Changes to ‘off payroll working’ rules
Kwasi Kwarteng’s ‘Plan for growth’ includes a plethora of changes, including changes to IR35, known as ‘off payroll working’. This blog aims to tell you what it is and how the changes are designed to impact you and your business.
What is IR35?
The rules known as ‘IR35’ were introduced in April 2000 in an attempt to prevent tax avoidance through ‘disguised employment’, such as an individual working through a company and extracting the profits in the form of dividends. This could save significant amounts of income tax and National Insurance Contributions, in comparison to someone doing the same work as an employee covered by the PAYE system.
Why new rules?
The intention of the rules was to charge Income Tax and NIC on workers based on the nature of their relationship with the payer of the remuneration, this was irrespective of whether the worker contracts with the engager directly or via a company. If the relationship would be regarded as an employment contract in the absence of the personal service company. Then the contractor’s company (broadly) would have to account for payroll taxes on that income.
The rules have been controversial
Since their introduction and difficult to enforce. So, in an attempt to close perceived loopholes, the government transferred the responsibility for deciding what was ‘equivalent to an employment contract’. From the worker to the engager for public sector bodies in 2017 and larger private sector engagers in 2021.
What are the changes?
The ‘Plan for Growth’ includes the repeal of the 2017 and 2021 changes under the heading ‘taking complexity out of the tax system’. This does not amount to the repeal of IR35 itself; rather, from 6 April 2023. For someone working through a personal service company will once again be responsible for deciding whether they are caught by the rules.
What will these changes mean for you?
The government says that ‘this will free up time and money for businesses that engage contractors, that could be put towards other priorities.

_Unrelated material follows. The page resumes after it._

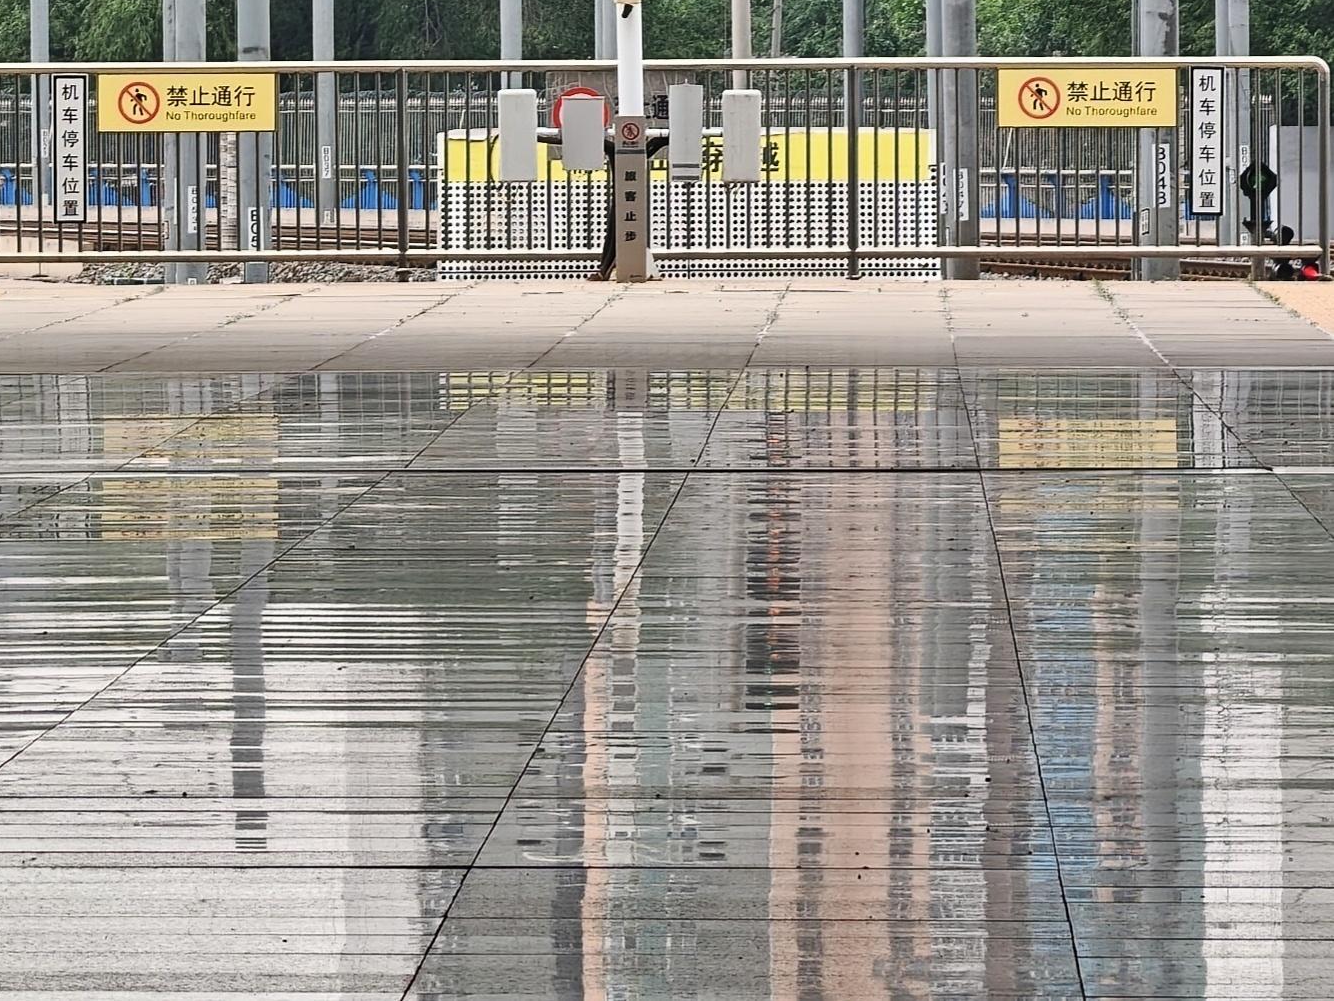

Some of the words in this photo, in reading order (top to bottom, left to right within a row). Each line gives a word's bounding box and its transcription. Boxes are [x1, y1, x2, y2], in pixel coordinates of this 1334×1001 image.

The reform also minimises the risk that genuinely self-employed workers are impacted, by the underlying off-payroll rules.’ This measure is costed at just over £1 billion in 2023/24, rising to over £2 billion in 2026/27.
What happens now?
Presumably, HMRC will continue to police the rules as they have since 2000, taking cases to the Tax Tribunals where they consider workers have incorrectly classified themselves as effectively self-employed.
The burden of tax and penalties for getting the decision wrong will shift from the engager back to the personal service company, as several high profile disputes involving media.